Palmanova, 9 luglio 2026 – Rafforzare la capacità competitiva delle cooperative, promuovere una maggiore collaborazione tra le imprese associate e assicurare una presenza sempre più incisiva nei tavoli istituzionali regionali. Sono queste alcune delle priorità emerse nel corso della prima riunione del Consiglio regionale di Confcooperative Lavoro e Servizi Friuli Venezia Giulia per il mandato 2026-2030, svoltasi presso la sede della cooperativa Artco Servizi di Palmanova.
La Federazione regionale rappresenta oggi 84 cooperative di lavoro e servizi, capaci di garantire occupazione a circa 3.200 addetti e di sviluppare un fatturato aggregato superiore a 220 milioni di euro. Un sistema imprenditoriale articolato, radicato nei territori e attivo in molteplici comparti strategici per l’economia e per le comunità regionali.
A guidare i lavori è stato il presidente Maurizio Era, che ha favorito un confronto con i consiglieri sul metodo e sulla visione con cui la Federazione intende affrontare il nuovo mandato. Una leadership orientata all’ascolto, al coordinamento e alla concretezza, con l’obiettivo di trasformare le esigenze espresse dalle cooperative in proposte condivise e in interlocuzioni efficaci con le istituzioni e gli enti competenti.
«Vogliamo costruire una Federazione sempre più vicina alle cooperative, capace di valorizzare le competenze presenti nei diversi settori e di portare avanti con determinazione i temi realmente decisivi per le nostre imprese», è l’indirizzo emerso dalla relazione del presidente Era.
Il modello organizzativo proposto prevede un ruolo centrale dei settori regionali e dei gruppi di lavoro tematici, chiamati ad approfondire le questioni specifiche dei diversi comparti, elaborare proposte e individuare possibili soluzioni. Alle riunioni plenarie del Consiglio sarà invece affidata una funzione strategica di coordinamento, indirizzo e sintesi dell’attività complessiva della Federazione.

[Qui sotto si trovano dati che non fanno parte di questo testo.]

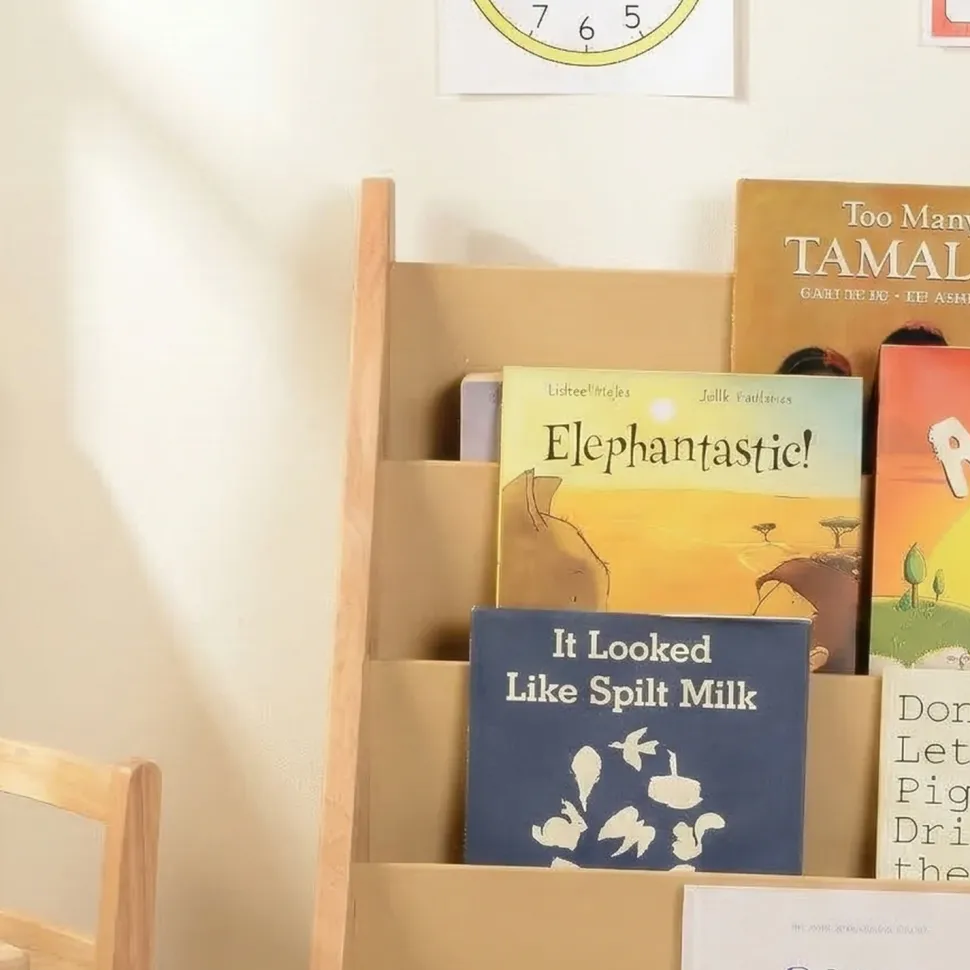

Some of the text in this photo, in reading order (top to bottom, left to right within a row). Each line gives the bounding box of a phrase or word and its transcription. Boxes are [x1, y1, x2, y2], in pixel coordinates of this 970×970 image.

[532, 4, 548, 29] 7
[579, 15, 595, 41] 6
[624, 4, 641, 29] 5
[842, 201, 892, 228] Too
[543, 421, 813, 475] Elephantastic!
[552, 628, 712, 663] It Looked
[506, 671, 757, 713] Like Spilt Milk
[894, 735, 970, 765] Let
[894, 857, 970, 882] the

Nel corso del confronto, i consiglieri hanno evidenziato alcune delle principali direttrici sulle quali concentrare il programma del 2026 e dell’intero mandato.
Tra queste, la necessità di sostenere la solidità economica, finanziaria e patrimoniale delle cooperative, favorendo il consolidamento dei risultati aziendali e il reinvestimento degli utili. È stata inoltre ribadita l’importanza di operare in maniera coesa a livello territoriale, presidiando con continuità i tavoli istituzionali e tutte le occasioni di confronto utili a rappresentare le istanze delle associate.
Particolare attenzione è stata dedicata anche al ruolo della finanza cooperativa e di sistema, a partire dagli strumenti messi a disposizione da Fondosviluppo FVG, con l’ipotesi di promuovere interventi specifici a sostegno dei processi di aggregazione, della nascita di nuove cooperative giovanili e delle iniziative imprenditoriali innovative.
Un altro tema trasversale è stato quello della collaborazione tra cooperative. Dal Consiglio è emersa la volontà di superare logiche di competizione interna non produttive, favorendo invece reti, sinergie, scambi di competenze e progettualità comuni, anche per rispondere in modo più strutturato ai cambiamenti del mercato e alla progressiva evoluzione della base associativa.
Il presidente Era ha raccolto i contributi dei consiglieri, sottolineando come essi rappresentino una prima base concreta per la definizione del programma di attività. Un programma che sarà progressivamente ampliato e aggiornato nel corso del mandato, mantenendo costante il confronto con le cooperative e con i territori.
Da settembre prenderà avvio una nuova fase operativa, con la convocazione dei diversi settori regionali e l’individuazione dei referenti interni.